Karolina zaczęła bardzo intensywnie zastanawiać się i nad czymś i rozmyślać.  Zaciągnęła się mocno po czym zapytała

- Jak złożę zeznania to ochroni pan córkę.  Mogę dać panu informację, o których nawet się panu nie śniło, ale nie mogę trafić do więzienia i córka musi być bezpieczna.

- Pan nawet nie ma pojęcia, skąd smyki czerpią wiedzę i to w dodatku z pierwszej ręki. Mogę zadzwonić?

- No nie wiem. –  wahałem się.

- To jest mój warunek. Pan nie wie, co on robi z kobietami. Nie ma pan też pojęcia, co mogę wam dać na niego.

- Dobra. Masz dzwoń. –  dałem jej swój telefon.

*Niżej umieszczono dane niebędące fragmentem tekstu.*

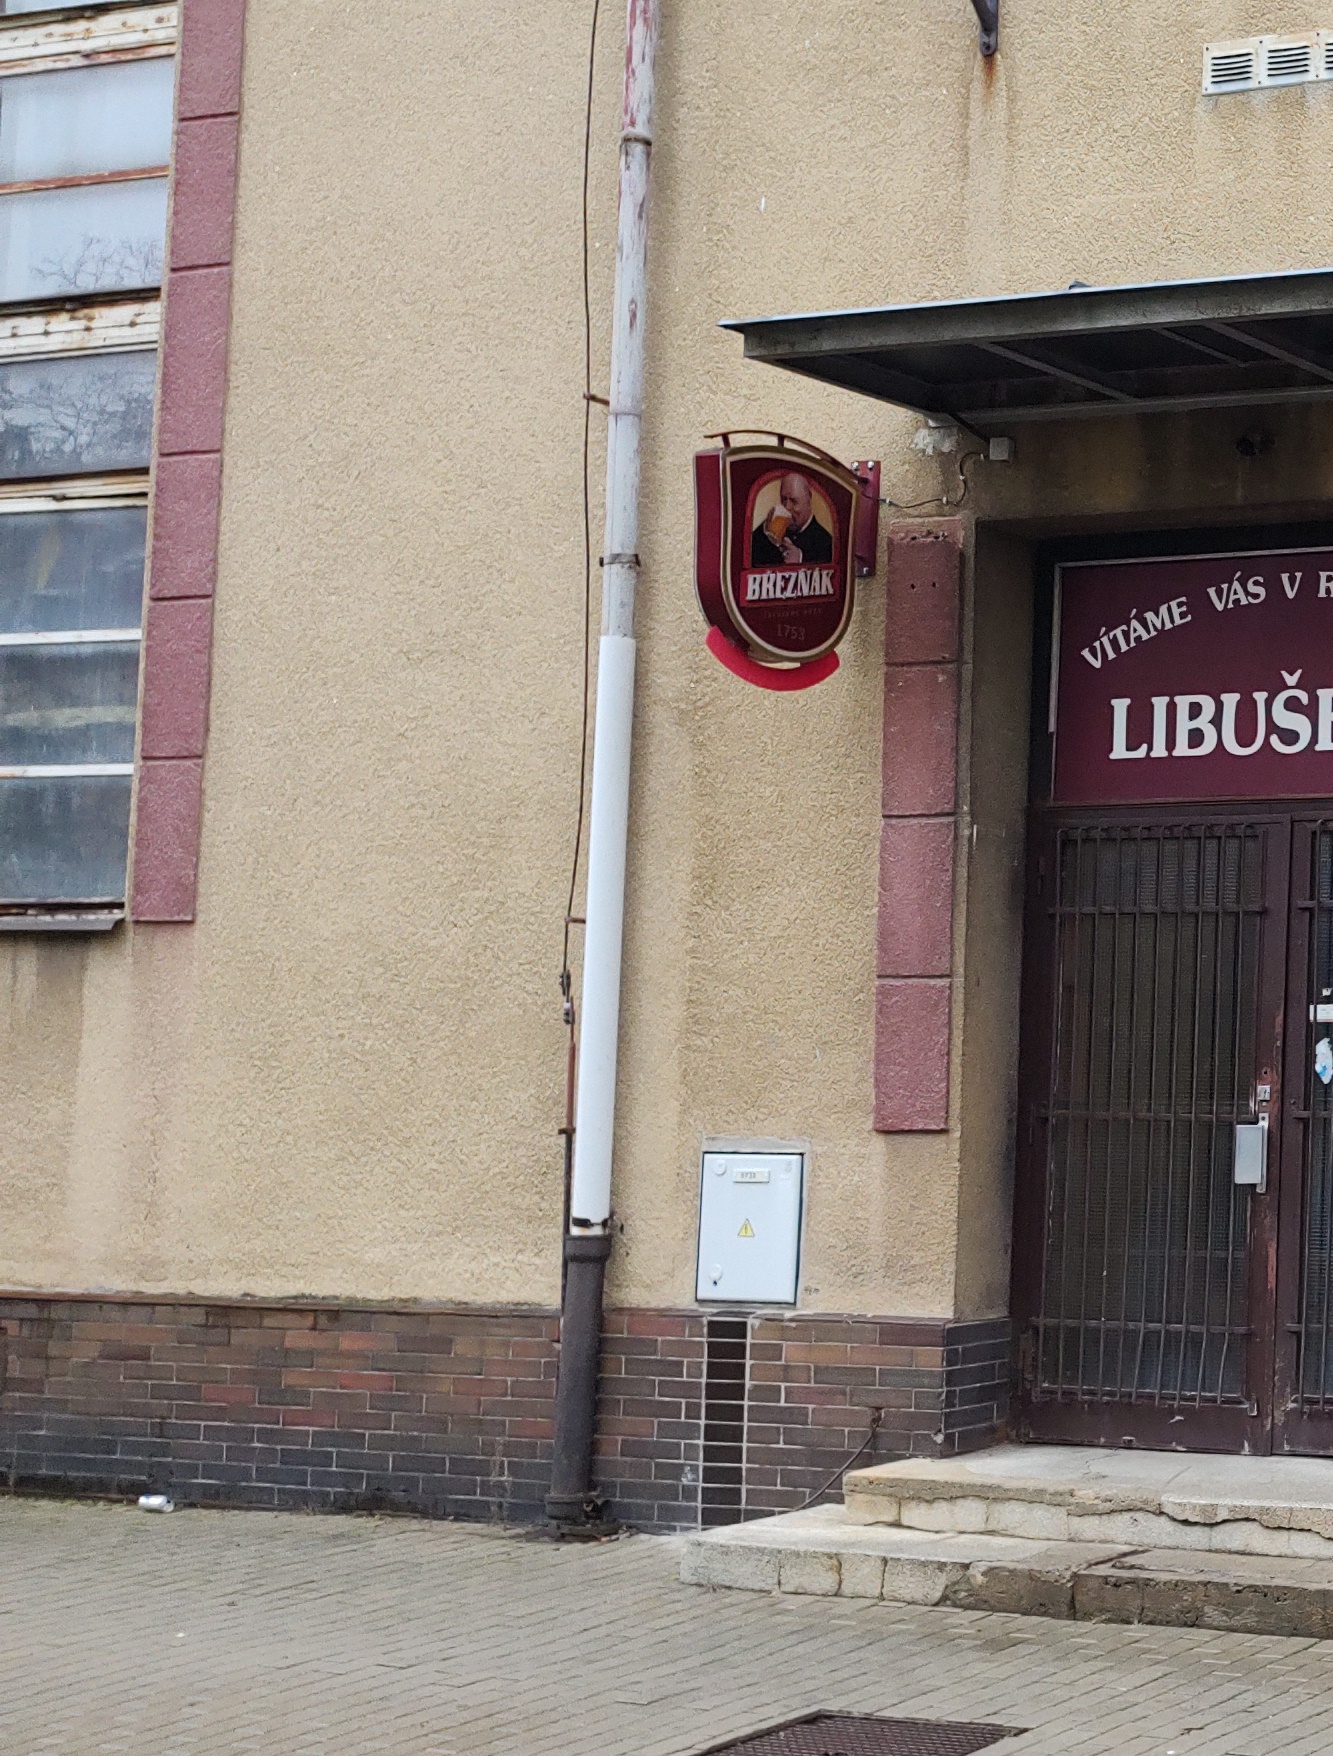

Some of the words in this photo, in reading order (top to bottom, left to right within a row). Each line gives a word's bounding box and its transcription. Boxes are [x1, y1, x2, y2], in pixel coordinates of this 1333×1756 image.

[1080, 595, 1192, 670] VÍTÁME
[1207, 571, 1267, 612] VÁS
[1279, 572, 1302, 600] V

- Nie odbierze. Muszę zatelefonować ze swojej komórki.

- Ok. Masz i dzwoń

- Justyna, słuchaj kochanie uważnie, bo nie mam czasu na wyjaśnienia. Spakuj się natychmiast  jak najszybciej i jeszcze dzisiaj jedź tam gdzie byłyśmy 15 czerwca w tamtym roku. Powiesz, że musisz na razie tam zamieszkać. Nagle przerwała – mogę podać pana numer telefonu – zapytała mnie

- Tak

- Nie mogę ci teraz niczego wyjaśnić. Jak będziesz chciała się coś o mnie dowiedzieć to zatelefonuj na ten numer. To jest glina, ale można mu chyba zaufać. Nie mów mu tylko gdzie jesteś, chyba, że sama nabierzesz do niego zaufania. I jeszcze jedno pod żadnym pozorem nie wyjeżdżaj stamtąd. Czekaj, aż  sama się odezwę. Nie dzwoń do nikogo i cierpliwie czekaj.  Musisz mi zaufać. Od tego jak postąpisz zależy twoje życie. Teraz muszę kończyć. Pa kochanie.

- Mam pytanie

- Słucham

- Czy teoretycznie istnieje taka możliwość, że za złożone zeznania, szczere, wyczerpujące, oaz dostarczenie niepodważalnych dowodów przestępczej działalności wielu osób, w tym Kaliskiego  mogłabym skorzystać z tych waszych świadków koronnych czy jak wy to tam nazywacie.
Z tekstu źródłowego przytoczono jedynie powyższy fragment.